Exercise directions
Restate the last part of the records below word for word, beginning at the line with "this 1200×1600 image." and ending at the final line.

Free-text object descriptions

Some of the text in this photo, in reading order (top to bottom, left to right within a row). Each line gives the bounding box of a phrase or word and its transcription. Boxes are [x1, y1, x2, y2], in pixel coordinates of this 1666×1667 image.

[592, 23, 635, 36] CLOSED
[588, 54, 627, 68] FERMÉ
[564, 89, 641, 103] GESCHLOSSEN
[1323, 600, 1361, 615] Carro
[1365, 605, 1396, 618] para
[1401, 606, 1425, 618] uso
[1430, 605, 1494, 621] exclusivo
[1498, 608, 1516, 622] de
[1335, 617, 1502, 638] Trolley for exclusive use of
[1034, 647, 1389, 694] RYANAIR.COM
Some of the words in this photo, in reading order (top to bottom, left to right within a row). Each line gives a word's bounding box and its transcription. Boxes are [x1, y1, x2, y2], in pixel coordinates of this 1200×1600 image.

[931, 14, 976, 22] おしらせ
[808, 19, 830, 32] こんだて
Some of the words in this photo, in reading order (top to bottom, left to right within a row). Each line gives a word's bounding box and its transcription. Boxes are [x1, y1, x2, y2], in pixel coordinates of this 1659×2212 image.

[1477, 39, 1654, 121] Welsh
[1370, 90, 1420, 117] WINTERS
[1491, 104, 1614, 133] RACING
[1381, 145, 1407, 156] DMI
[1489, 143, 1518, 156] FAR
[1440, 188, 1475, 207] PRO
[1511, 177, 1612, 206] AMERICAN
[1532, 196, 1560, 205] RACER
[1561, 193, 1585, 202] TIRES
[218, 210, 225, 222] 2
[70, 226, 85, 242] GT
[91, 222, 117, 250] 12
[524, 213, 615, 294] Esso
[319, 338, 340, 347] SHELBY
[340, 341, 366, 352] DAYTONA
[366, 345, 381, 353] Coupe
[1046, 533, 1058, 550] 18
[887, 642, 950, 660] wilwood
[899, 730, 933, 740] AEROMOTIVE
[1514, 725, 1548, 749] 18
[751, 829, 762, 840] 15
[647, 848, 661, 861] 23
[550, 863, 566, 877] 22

Solution to this problem
Some of the words in this photo, in reading order (top to bottom, left to right within a row). Each line gives a word's bounding box and its transcription. Boxes are [x1, y1, x2, y2], in pixel coordinates of this 1200×1600 image.

[931, 14, 976, 22] おしらせ
[808, 19, 830, 32] こんだて
Some of the words in this photo, in reading order (top to bottom, left to right within a row). Each line gives a word's bounding box and its transcription. Boxes are [x1, y1, x2, y2], in pixel coordinates of this 1659×2212 image.

[1477, 39, 1654, 121] Welsh
[1370, 90, 1420, 117] WINTERS
[1491, 104, 1614, 133] RACING
[1381, 145, 1407, 156] DMI
[1489, 143, 1518, 156] FAR
[1440, 188, 1475, 207] PRO
[1511, 177, 1612, 206] AMERICAN
[1532, 196, 1560, 205] RACER
[1561, 193, 1585, 202] TIRES
[218, 210, 225, 222] 2
[70, 226, 85, 242] GT
[91, 222, 117, 250] 12
[524, 213, 615, 294] Esso
[319, 338, 340, 347] SHELBY
[340, 341, 366, 352] DAYTONA
[366, 345, 381, 353] Coupe
[1046, 533, 1058, 550] 18
[887, 642, 950, 660] wilwood
[899, 730, 933, 740] AEROMOTIVE
[1514, 725, 1548, 749] 18
[751, 829, 762, 840] 15
[647, 848, 661, 861] 23
[550, 863, 566, 877] 22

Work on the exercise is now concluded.